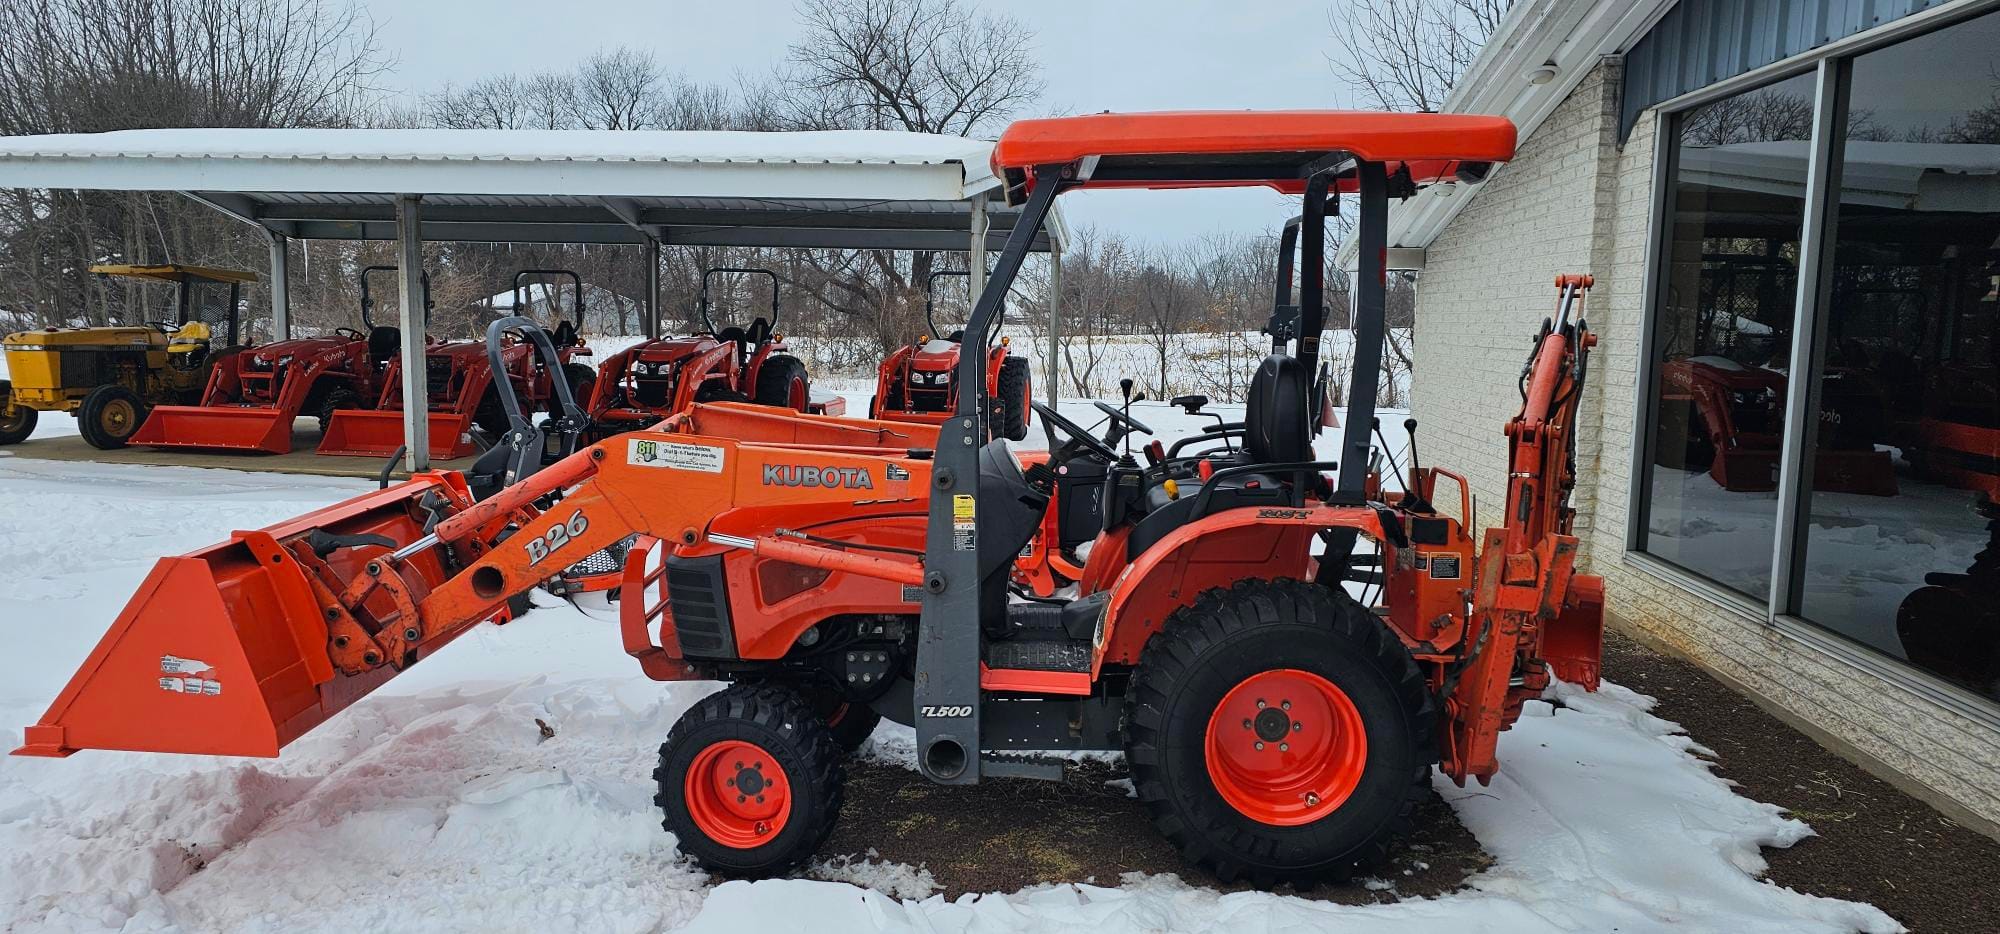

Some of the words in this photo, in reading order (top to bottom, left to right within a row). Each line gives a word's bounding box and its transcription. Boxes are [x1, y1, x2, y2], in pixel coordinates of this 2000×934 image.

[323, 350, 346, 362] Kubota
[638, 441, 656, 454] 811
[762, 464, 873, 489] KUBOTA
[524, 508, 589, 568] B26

What the exercise asks – Skipping any pictures, transcribe the full listing exactly.

Response area –
Some of the words in this photo, in reading order (top to bottom, left to right within a row). Each line gives a word's bounding box and its transcription. Boxes are [x1, y1, x2, y2], in pixel coordinates of this 2000×934 image.

[323, 350, 346, 362] Kubota
[638, 441, 656, 454] 811
[762, 464, 873, 489] KUBOTA
[524, 508, 589, 568] B26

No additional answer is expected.